03 Octubre 2019

El clan Romero en aprietos, Urtubey y Sáenz van por ellos

Por Franco Hessling
El senador nacional que busca renovar su banca cayó en la cuenta que el gobernador y el intendente, quienes ya son abiertos aliados, están trabajando seriamente para dejarlo fuera del Congreso de la Nación. Igual intención con las pretensiones de Bettinita de llegar a la intendencia.

Lo hemos venido mencionando someramente en estas columnas al analizar la interna para la intendencia dentro del Frente Gustavo Sáenz Gobernador, que, como se sabe, referencia en Salta a la Casa Rosada, al modelo de gobierno de Mauricio Macri y al sector de la población que pendula entre el rechazo sano y el odio visceral contra eso que llaman de modo peyorativo “populismo” y que tiene que ver con liderazgos que generan turbas politizadas en las calles, sea en protesta o sea en medio del folklore militante.

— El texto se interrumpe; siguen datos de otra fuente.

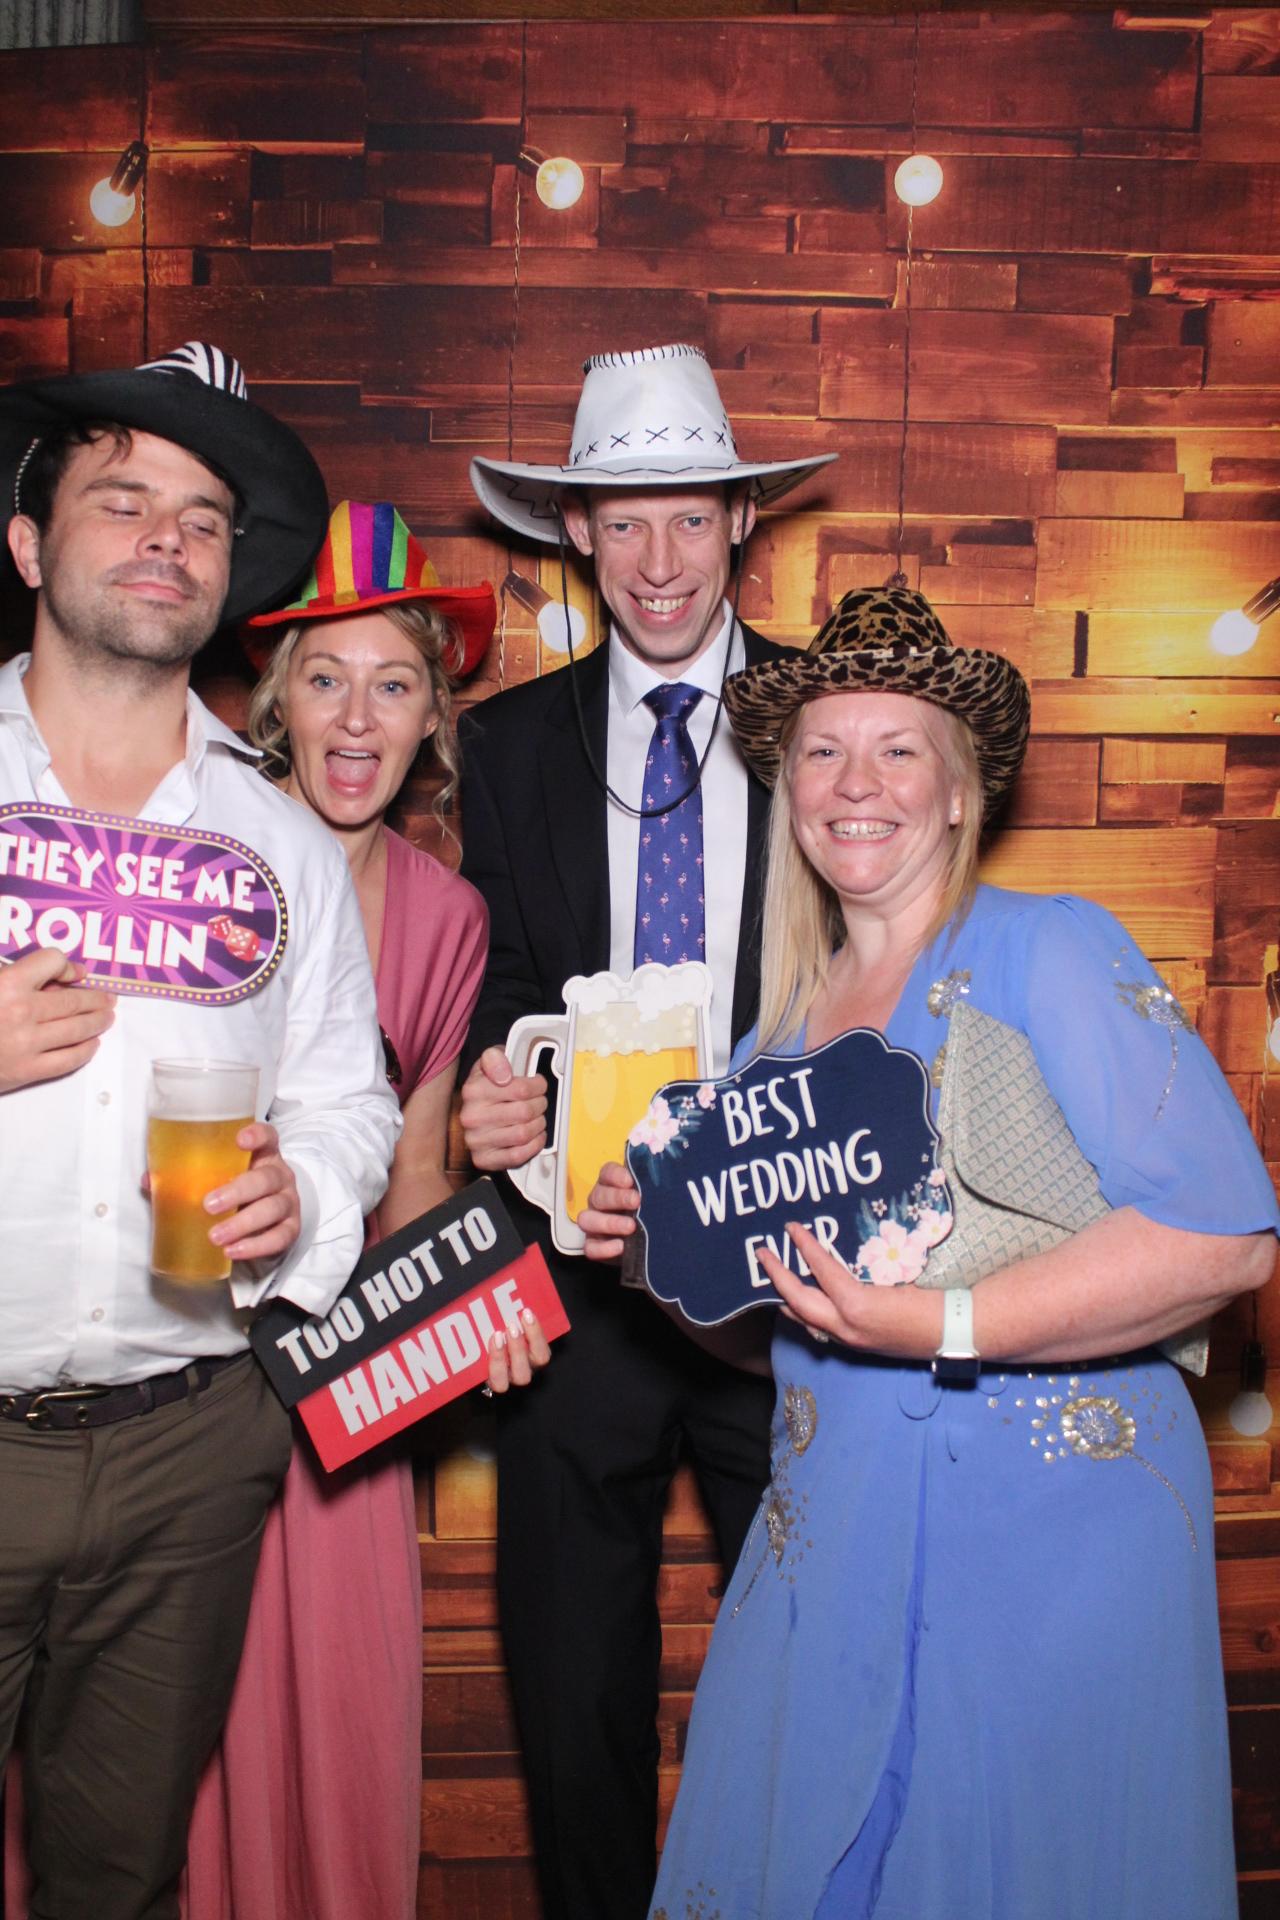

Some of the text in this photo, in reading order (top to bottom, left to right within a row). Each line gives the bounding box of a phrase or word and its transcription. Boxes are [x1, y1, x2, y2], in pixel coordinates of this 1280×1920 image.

[0, 832, 256, 913] THEY SEE ME
[0, 895, 208, 973] ROLLIN
[721, 1067, 817, 1147] BEST
[686, 1128, 883, 1227] WEDDING
[275, 1206, 498, 1375] TOO HOT TO

Hemos dicho ya que el apoyo de Gustavo Sáenz y Juan Manuel Urtubey en esa interna por la candidatura a intendente está puesto en Matías Posadas, y que eso complicó las chances de Bettina Romero. El incordio del gobernador tras la tregua del Pacto de las Costas, luego de que Urtubey se impusiera holgadamente sobre Júcaro en 2015, vino cuando este último decidió hace pocos meses apoyar la fórmula presidencial de Juntos por el Cambio, Macri-Pichetto. El desplante a Urtubey hizo que éste reavivará su rivalidad con su mentor en la provincia, aquel a quien llamó “sembrador de progreso”, conforme se deduce del título de su libro.

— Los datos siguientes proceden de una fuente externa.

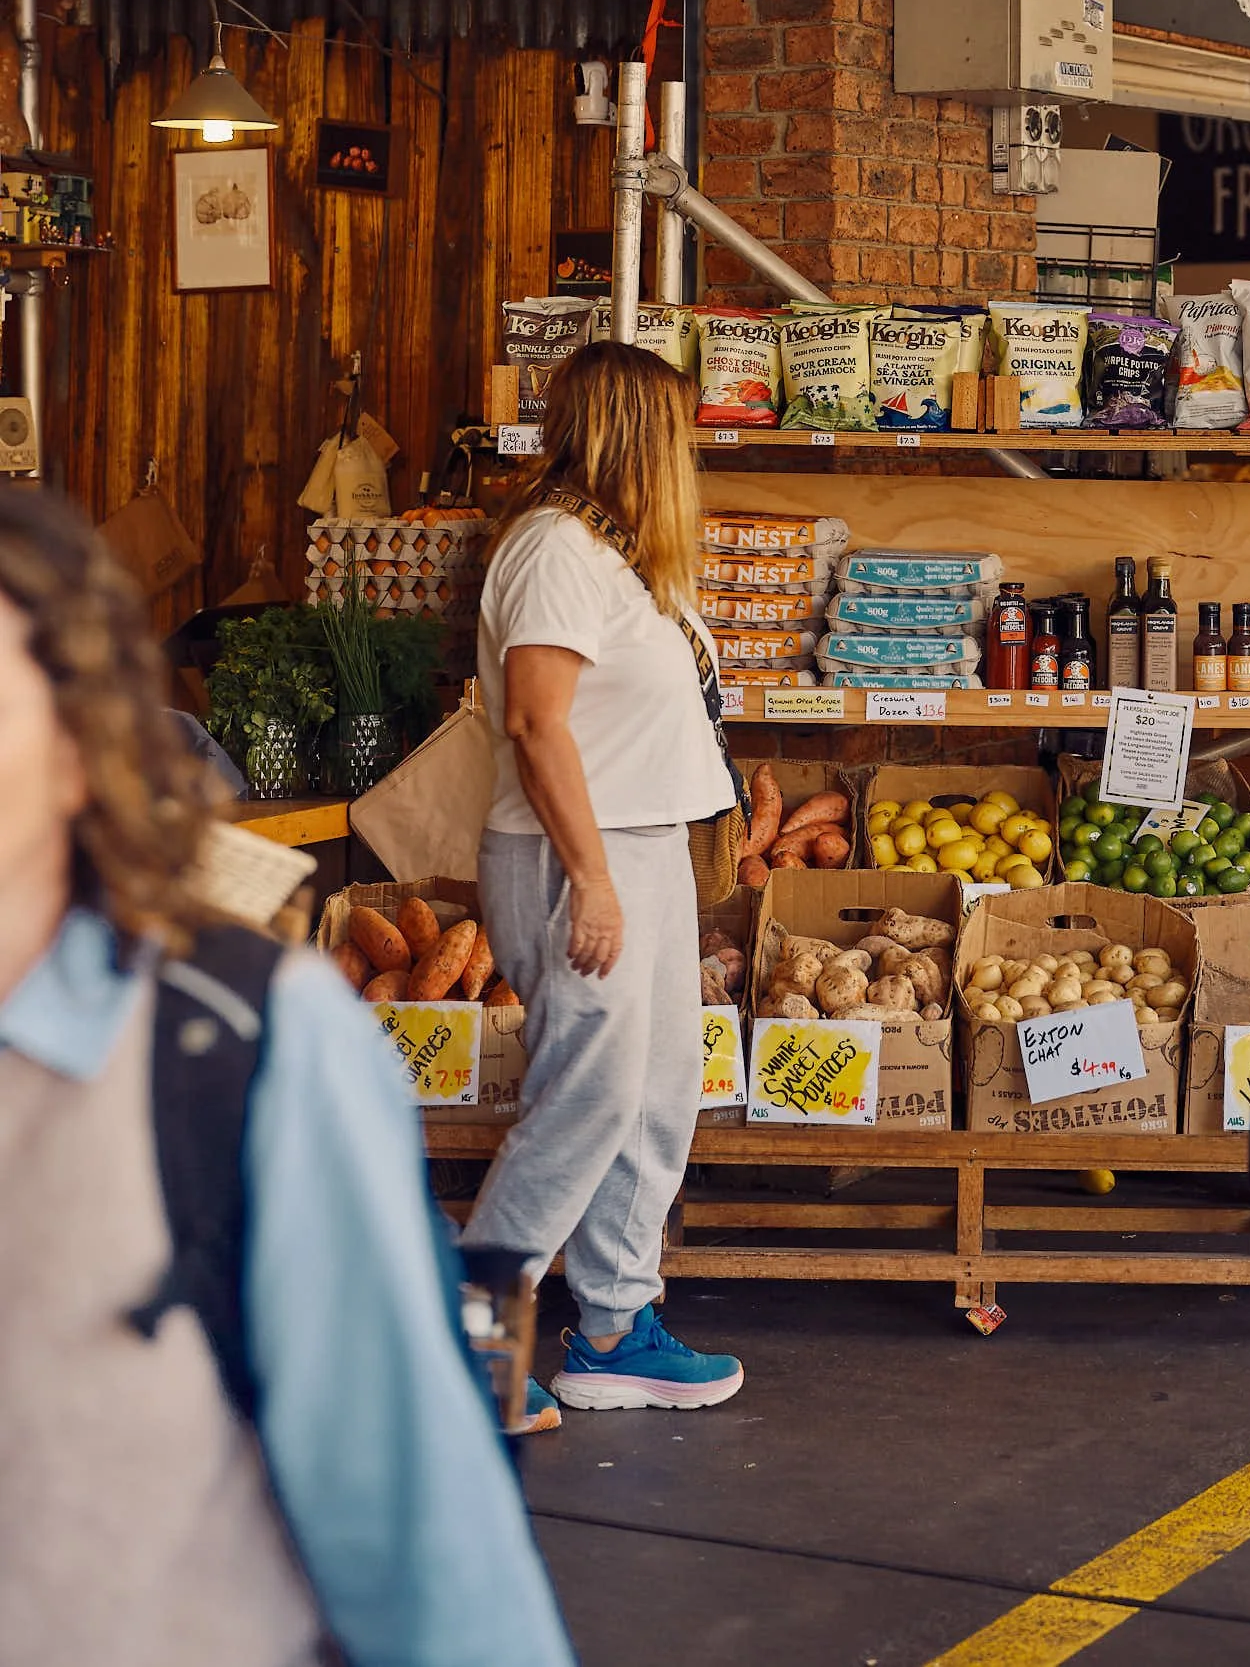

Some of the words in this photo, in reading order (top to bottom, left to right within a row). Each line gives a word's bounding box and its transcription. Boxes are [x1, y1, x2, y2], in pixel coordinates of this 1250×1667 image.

[506, 343, 551, 354] CRINKLE
[553, 346, 576, 355] CUT
[706, 357, 738, 366] GHOST
[789, 360, 816, 373] SOUR
[817, 357, 857, 370] CREAM
[1010, 359, 1076, 371] ORIGINAL
[716, 364, 740, 374] SOUR
[742, 367, 770, 378] CREAM
[803, 366, 856, 378] SHAMROCK
[876, 367, 900, 377] SEA
[902, 369, 932, 378] SALT
[1118, 367, 1140, 378] CHIPS
[883, 377, 935, 386] VINEGAR
[722, 639, 782, 659] NEST
[1196, 662, 1225, 674] LANES
[1135, 715, 1155, 726] $20
[1023, 1022, 1084, 1048] EXTON
[1028, 1042, 1062, 1065] CHAT
[1071, 1057, 1116, 1078] $4.99
[1013, 1094, 1168, 1133] POTATOES

Ciertamente la polarización se impuso en las PASO del 11 de agosto, pero la diferencia entre primero y segundo fue tal que permitió al gobernador y su Consenso Federal tener un objetivo por el que pelear: salir segundos. Aunque eso pueda parecer muy poco para un gobernador que transcurre su decimosegundo año de mandato, Urtubey pelea también en Salta por salir segundo el 27 de octubre.

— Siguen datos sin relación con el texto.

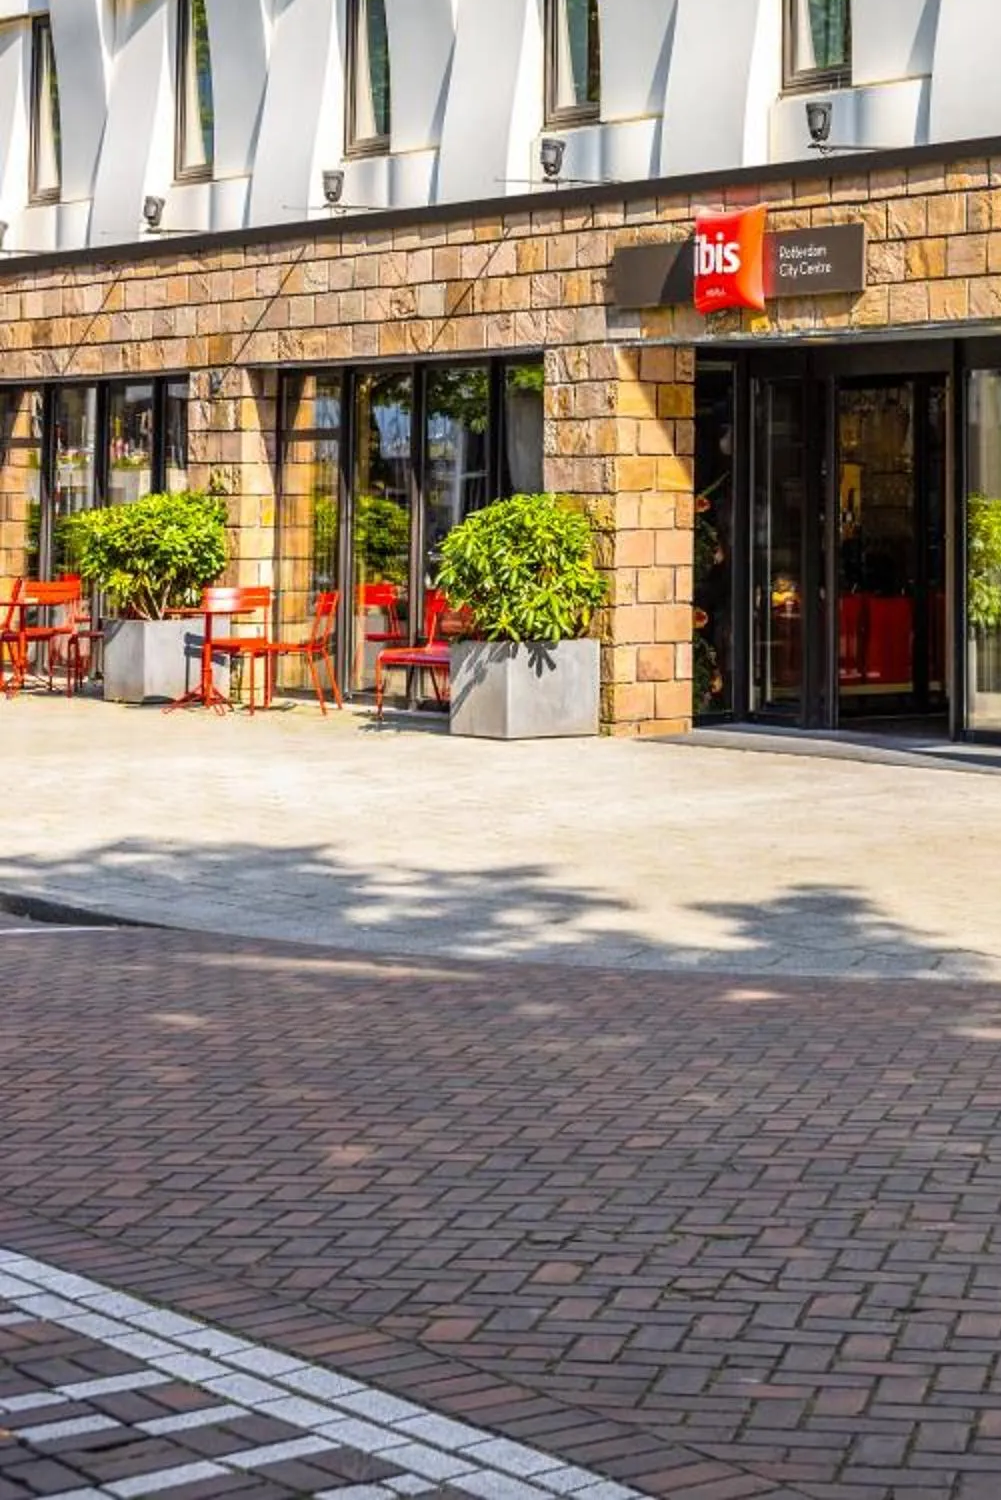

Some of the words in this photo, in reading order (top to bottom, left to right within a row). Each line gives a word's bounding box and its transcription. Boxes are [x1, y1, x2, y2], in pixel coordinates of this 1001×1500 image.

[694, 231, 741, 276] ibis
[779, 244, 827, 259] Rotterdam
[779, 263, 798, 279] City
[800, 261, 831, 275] Centre

Y en con ese empuje, entre otras cosas, no sólo pretende sumar a un legislador nacional más obediente a él, lo que a la postre le valdría mejores hombros para negociar a sus anchas en Buenos Aires, sino que también serviría para asestarle la estocada final a Júcaro: dejarlo fuera del Congreso después de 12 años y, por lo tanto, despojado de fueros. No hay que olvidarse que el Pacto de las Costas de principios de 2016 no implicó otra cosa más importante para Romero que el freno de las causas judiciales en su contra.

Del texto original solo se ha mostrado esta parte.